• _Work order_:
Provide a verbatim copy of all the records below, leaving the images out.

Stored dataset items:
==============================
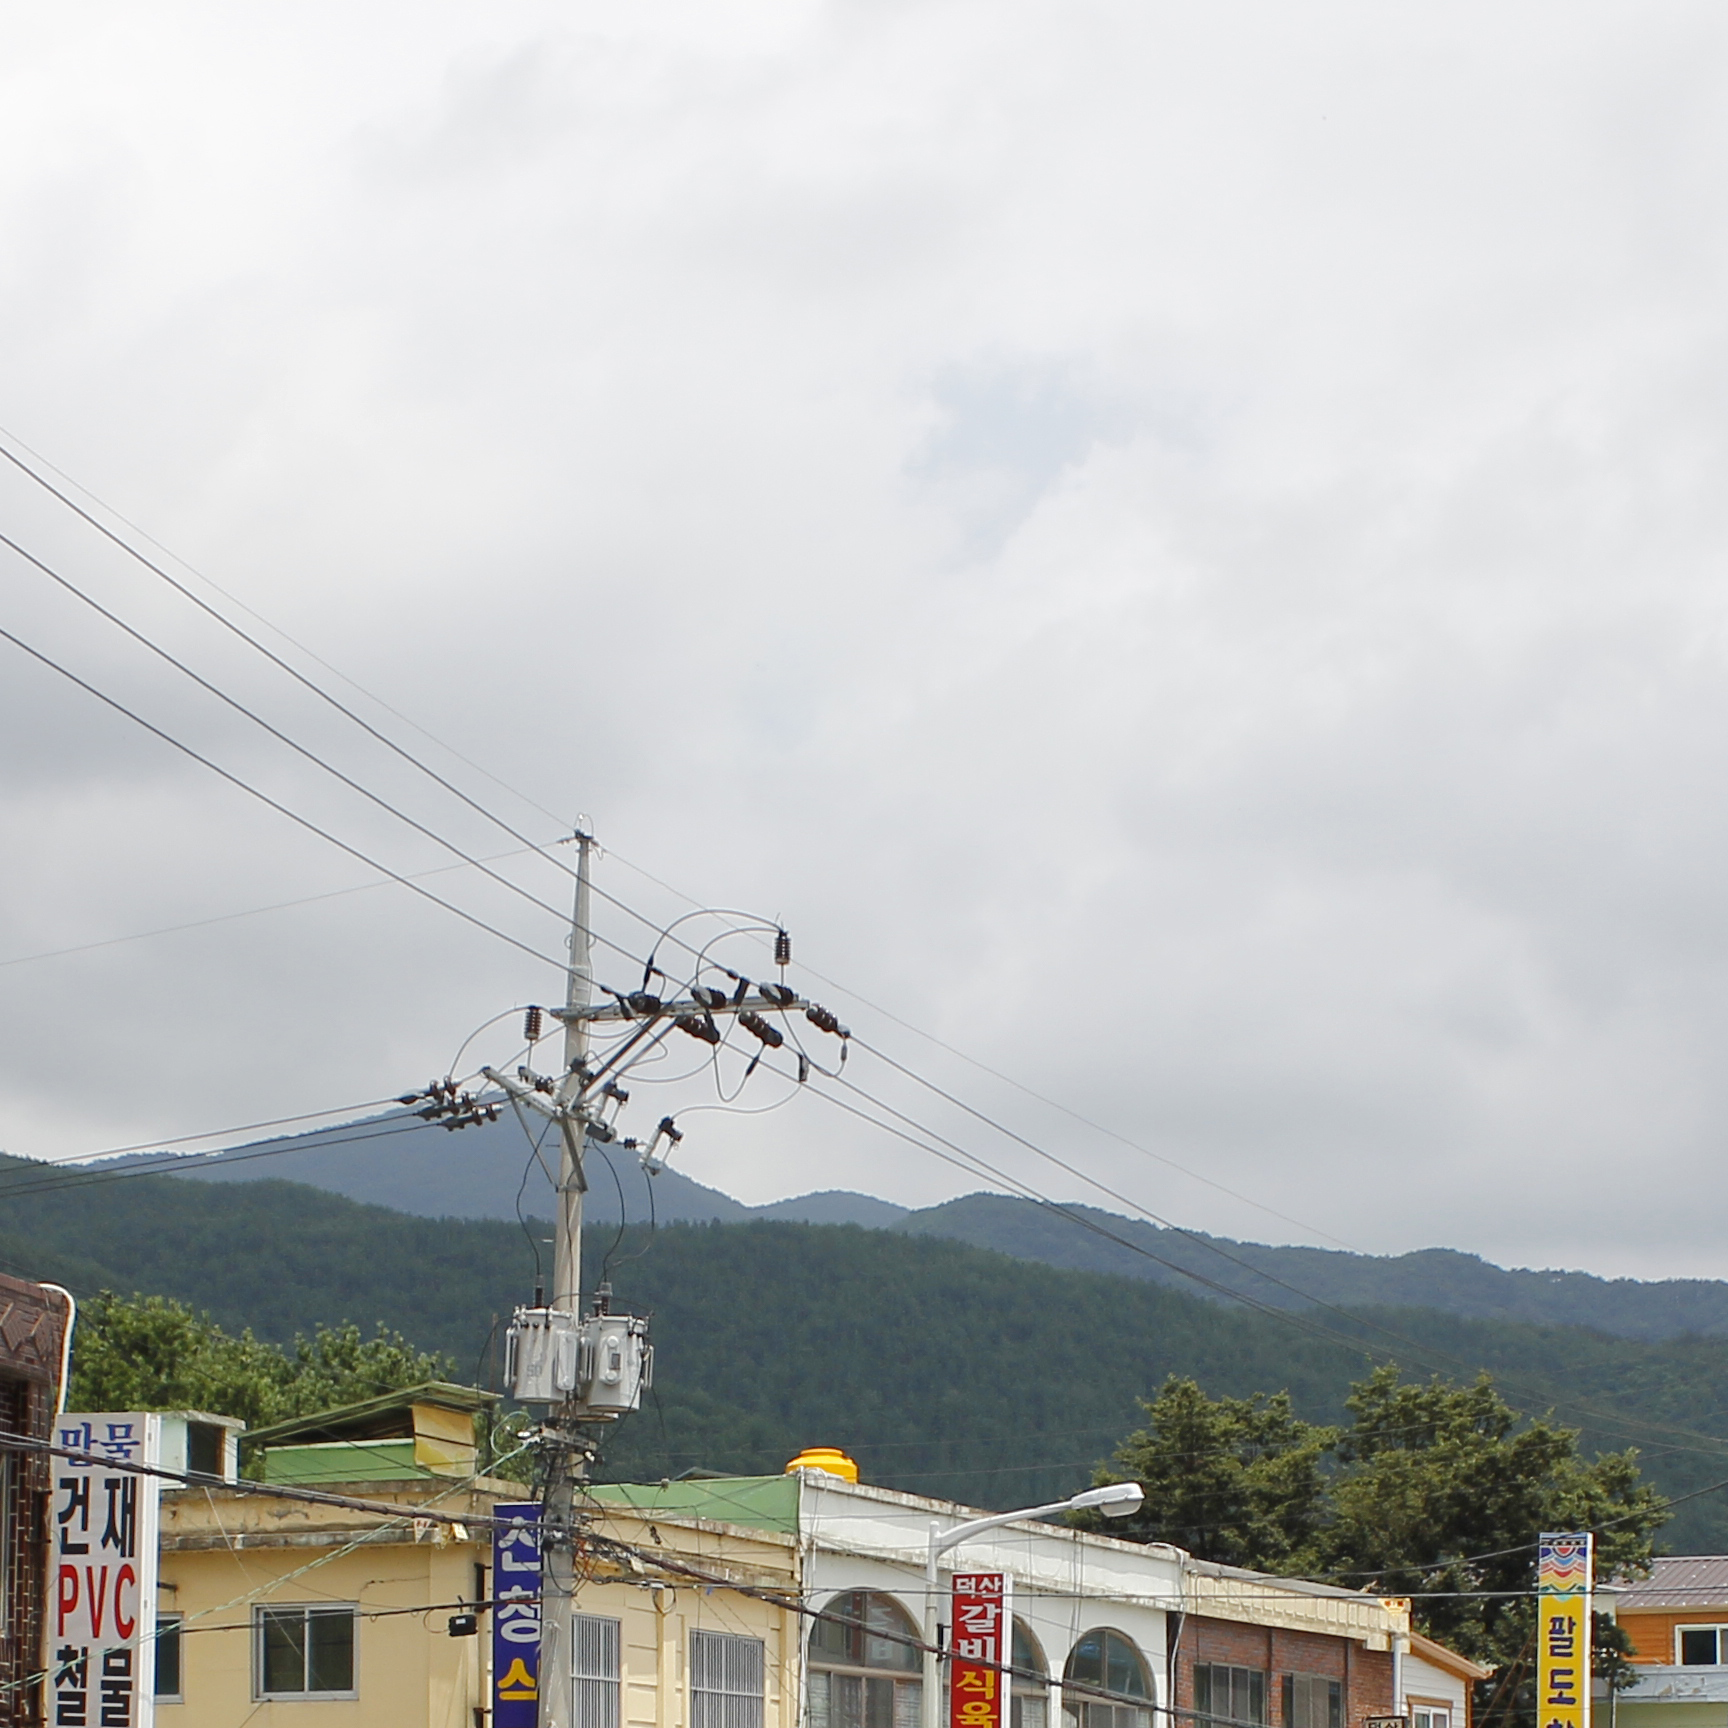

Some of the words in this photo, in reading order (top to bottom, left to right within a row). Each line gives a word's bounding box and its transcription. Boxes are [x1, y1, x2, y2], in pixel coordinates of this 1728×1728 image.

[59, 1422, 140, 1468] 만물
[57, 1476, 137, 1558] 건재
[57, 1563, 137, 1640] PVC
[956, 1577, 1002, 1599] 덕산
[54, 1644, 133, 1728] 철물
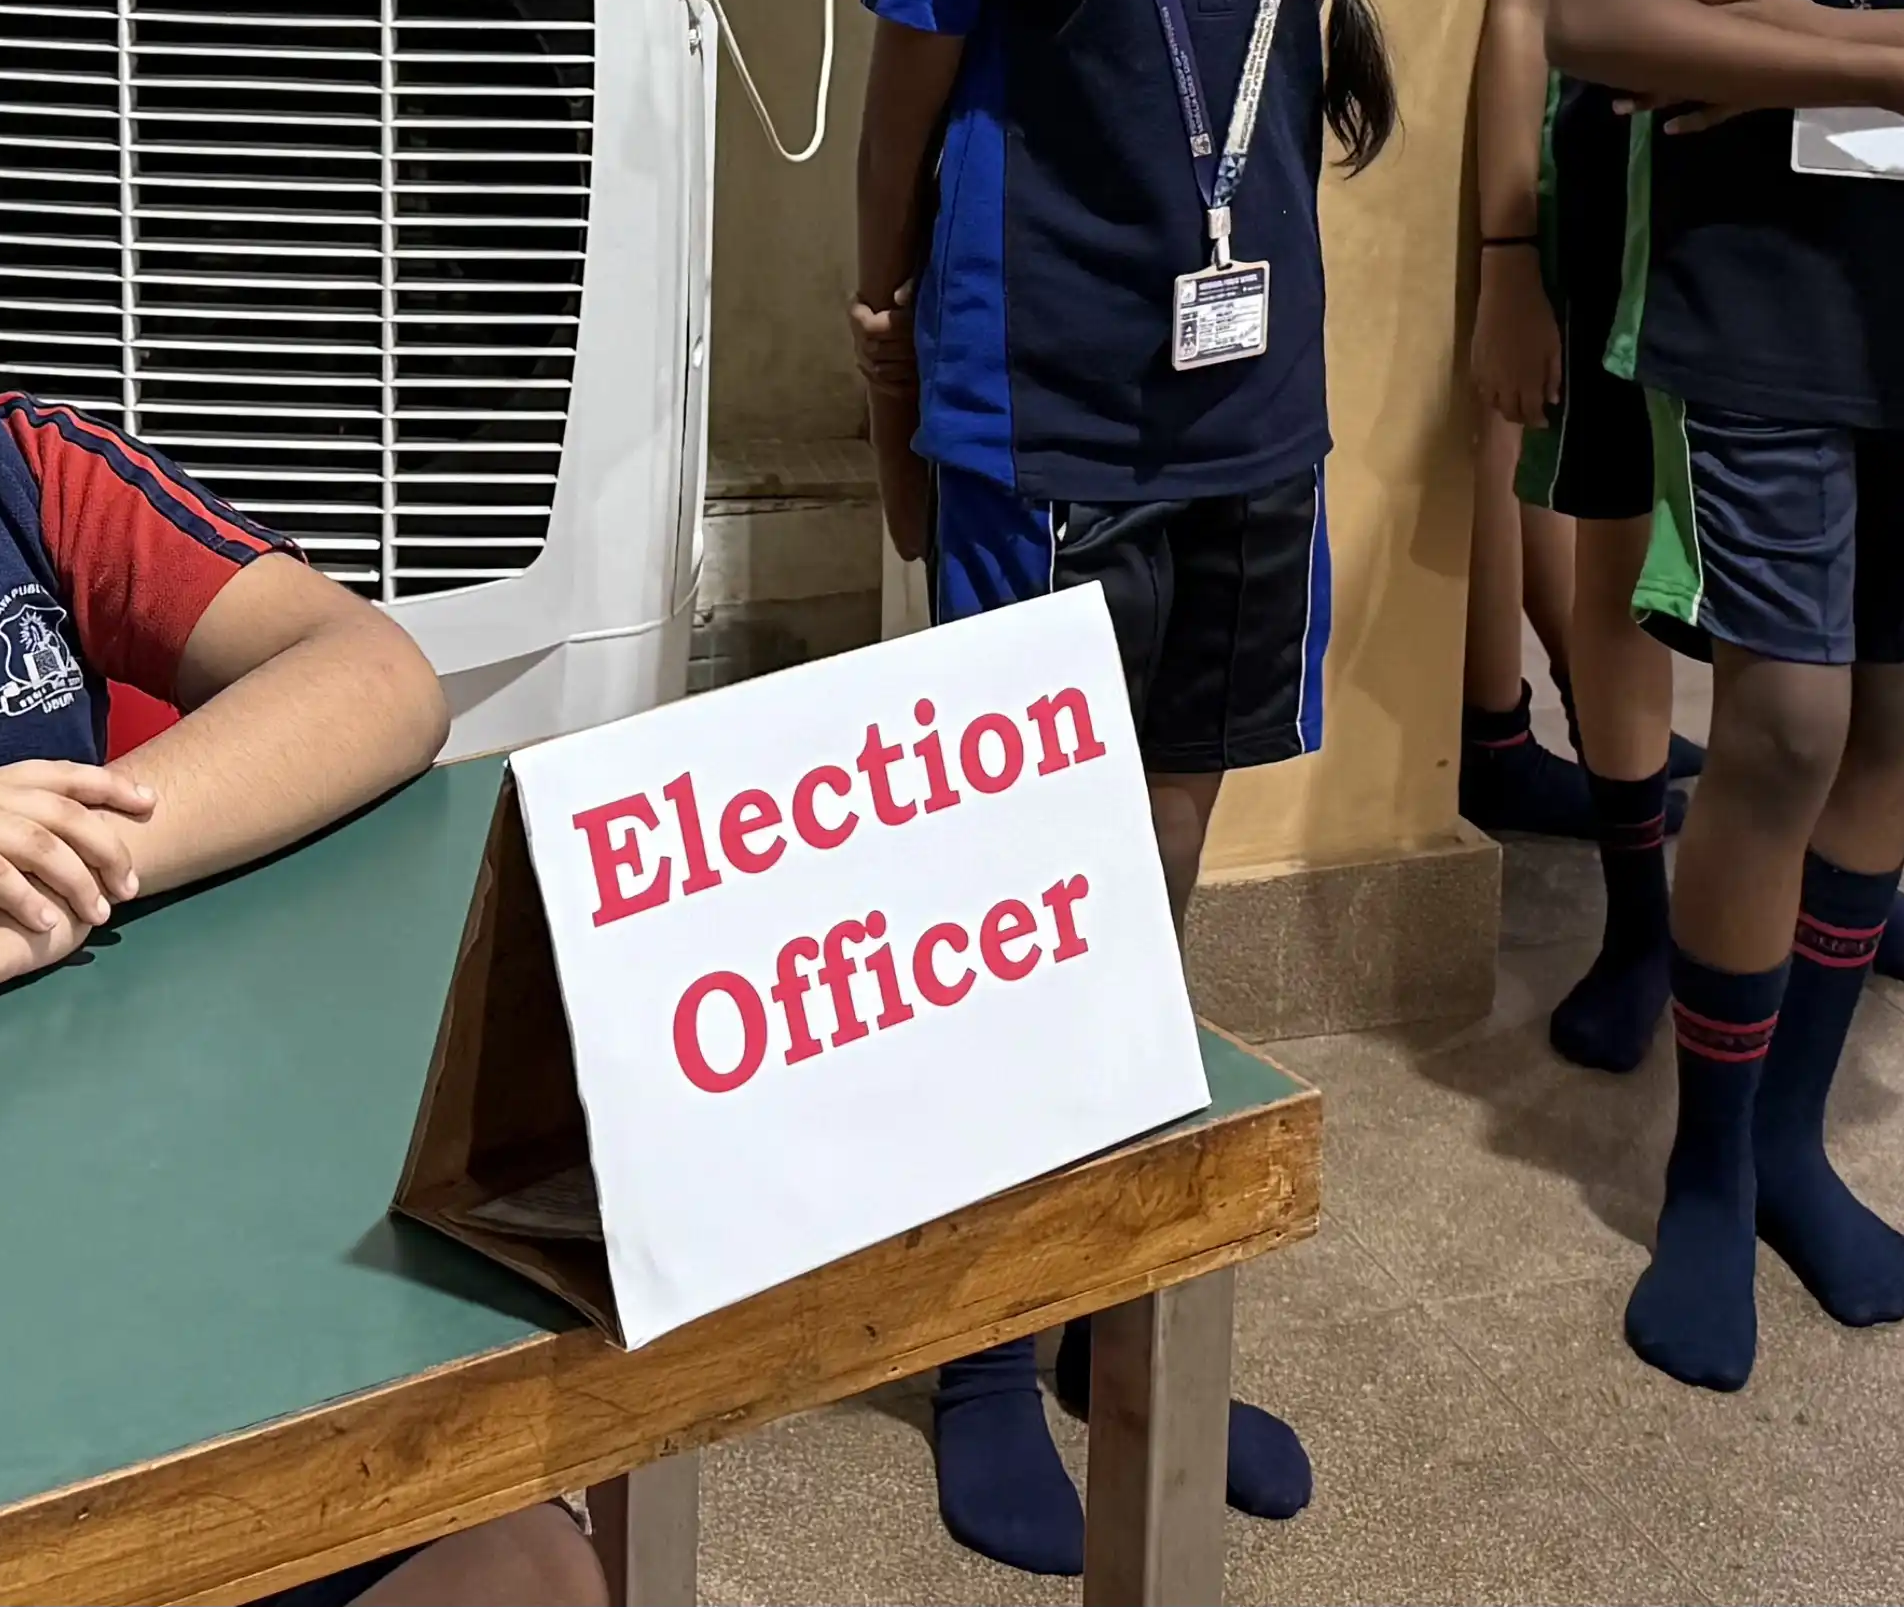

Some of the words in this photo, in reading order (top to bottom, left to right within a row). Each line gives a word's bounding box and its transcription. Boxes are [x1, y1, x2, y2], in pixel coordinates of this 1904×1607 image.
==============================
• _Expected answer_:
Some of the words in this photo, in reading order (top to bottom, left to right within a row). Each line gives a word's bounding box and its transcription. Boxes are [x1, y1, x2, y2], in pixel coordinates of this 1728×1728 image.

[59, 1422, 140, 1468] 만물
[57, 1476, 137, 1558] 건재
[57, 1563, 137, 1640] PVC
[956, 1577, 1002, 1599] 덕산
[54, 1644, 133, 1728] 철물

Some of the words in this photo, in reading order (top to bottom, left to right within a row). Each line gives a word's bounding box and its transcription. Boxes are [x1, y1, x2, y2], in pixel coordinates of this 1904×1607 image.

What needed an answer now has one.